AL: Well, let me just get back to the beginning of that story, because I actually started that story reporting on Tyson Foods, which had begun investing in Memphis Meats, which is the company that I ultimately focused on. So why are these people investing in this disruptive technology? And essentially Tom Hayes, who was then the CEO of Tyson, said, “We don't want to be Kodak.” So I reported that story and I got the CEO of Tyson to say to me, “If we can grow the meat without the animal, why wouldn't we do that?” And I called my editor and was like, “Oh my god, the CEO of Tyson just told me, like, if we can grow meats without an animal, why wouldn't we do that?” And so we made that big splash. A month later, Tom Hayes was out of his job.
What they're investing in these meat alternative technologies is negligible compared to what they're investing in the 2.3 billion animals they slaughter every year. Tyson is the biggest meat producer by a long shot in the US. So it's not like they're jumping into meat alternatives, but the fact is that they're saying they are a protein company, not an animal meat company.
NT: Let’s talk about the bioreactor duck.
AL: Uma Valeti, who’s on the front end of this lab-meat movement, or the cell-based meat movement, invited me to his office to try this meat. And it was a small lump of duck that was probably $600 or $700 to produce. But in three years, the cost of this stuff has come down from hundreds of thousands of dollars, I mean at least half a million dollars for one pound of this bioreactor meat to a couple hundred dollars. Anyway, he sizzled this thing in a little pan at the Memphis Meat laboratories on a little hot plate. And he kept saying, like, “Smell the aroma, you don't get that from, you know, a veggie burger,” which is true, it smelled very meaty. And these cells seemed alive. They were, in fact, twitching and flexing and doing these things that live cells do before they then were deprived of oxygen and died, and I ate them. They're real live cells, they're real live freaking cells that are just not attached to a brain. And they're not sentient, but living cells. And so they're molecularly identical to the cells that come from the meat that you harvest from a sentient animal. It tasted very ducky. And it tasted very meaty.

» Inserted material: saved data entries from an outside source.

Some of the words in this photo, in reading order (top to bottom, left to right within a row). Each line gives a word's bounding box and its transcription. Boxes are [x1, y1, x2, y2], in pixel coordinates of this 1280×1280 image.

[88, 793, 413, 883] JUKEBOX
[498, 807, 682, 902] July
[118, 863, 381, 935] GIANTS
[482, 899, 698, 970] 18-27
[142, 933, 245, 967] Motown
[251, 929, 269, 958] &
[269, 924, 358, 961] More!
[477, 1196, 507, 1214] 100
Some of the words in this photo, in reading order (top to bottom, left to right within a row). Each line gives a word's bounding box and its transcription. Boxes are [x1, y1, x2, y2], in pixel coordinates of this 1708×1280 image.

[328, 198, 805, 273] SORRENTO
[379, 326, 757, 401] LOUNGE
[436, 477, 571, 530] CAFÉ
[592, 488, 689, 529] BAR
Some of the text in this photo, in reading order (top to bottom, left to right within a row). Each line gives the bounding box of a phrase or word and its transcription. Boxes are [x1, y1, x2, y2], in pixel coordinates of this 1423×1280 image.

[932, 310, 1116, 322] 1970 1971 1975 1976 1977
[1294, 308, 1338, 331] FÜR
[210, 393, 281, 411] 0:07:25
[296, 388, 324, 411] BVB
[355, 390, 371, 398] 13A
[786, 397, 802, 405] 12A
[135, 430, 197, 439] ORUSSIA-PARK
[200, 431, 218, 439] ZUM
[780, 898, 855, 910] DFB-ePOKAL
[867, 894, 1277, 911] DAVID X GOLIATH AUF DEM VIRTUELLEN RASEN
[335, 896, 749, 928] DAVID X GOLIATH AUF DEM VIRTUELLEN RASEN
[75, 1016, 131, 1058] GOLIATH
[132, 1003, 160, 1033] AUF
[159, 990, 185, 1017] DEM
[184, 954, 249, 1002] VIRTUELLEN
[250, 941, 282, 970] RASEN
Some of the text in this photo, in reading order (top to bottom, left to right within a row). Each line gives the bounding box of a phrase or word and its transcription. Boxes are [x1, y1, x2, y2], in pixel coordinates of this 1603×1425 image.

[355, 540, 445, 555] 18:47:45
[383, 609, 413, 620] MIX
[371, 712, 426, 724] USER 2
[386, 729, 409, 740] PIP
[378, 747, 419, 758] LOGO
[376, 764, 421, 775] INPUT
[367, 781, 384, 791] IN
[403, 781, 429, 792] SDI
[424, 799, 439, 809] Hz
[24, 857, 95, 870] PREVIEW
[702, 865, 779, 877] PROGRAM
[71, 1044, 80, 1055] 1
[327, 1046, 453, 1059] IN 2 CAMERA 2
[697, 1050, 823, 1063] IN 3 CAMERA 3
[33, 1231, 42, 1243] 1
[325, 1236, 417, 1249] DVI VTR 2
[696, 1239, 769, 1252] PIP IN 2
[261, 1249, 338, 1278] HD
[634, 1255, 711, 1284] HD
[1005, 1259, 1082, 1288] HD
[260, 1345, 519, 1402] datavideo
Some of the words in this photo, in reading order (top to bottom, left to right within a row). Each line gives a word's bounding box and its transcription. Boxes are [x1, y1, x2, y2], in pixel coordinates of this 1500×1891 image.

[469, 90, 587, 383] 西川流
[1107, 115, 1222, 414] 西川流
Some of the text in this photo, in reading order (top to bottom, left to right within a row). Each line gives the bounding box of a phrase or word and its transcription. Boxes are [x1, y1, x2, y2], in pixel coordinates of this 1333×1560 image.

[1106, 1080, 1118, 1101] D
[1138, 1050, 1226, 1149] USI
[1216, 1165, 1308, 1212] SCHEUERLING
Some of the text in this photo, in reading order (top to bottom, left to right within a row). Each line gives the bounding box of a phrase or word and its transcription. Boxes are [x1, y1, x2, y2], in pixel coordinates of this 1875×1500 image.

We are in a moment in time when extraordinary, implausible things are happening, in part because we are responding to extraordinary and implausible pressures. And that was the story for me. Whether we're going to have a future of live meat, who knows. And whether I'm going to be feeding it to my children, I don't know. I can't predict whether this thing is going to succeed. The fact that it's happening and billions of dollars are getting plowed into this kind of research was what drove me chapter after chapter to meet these people.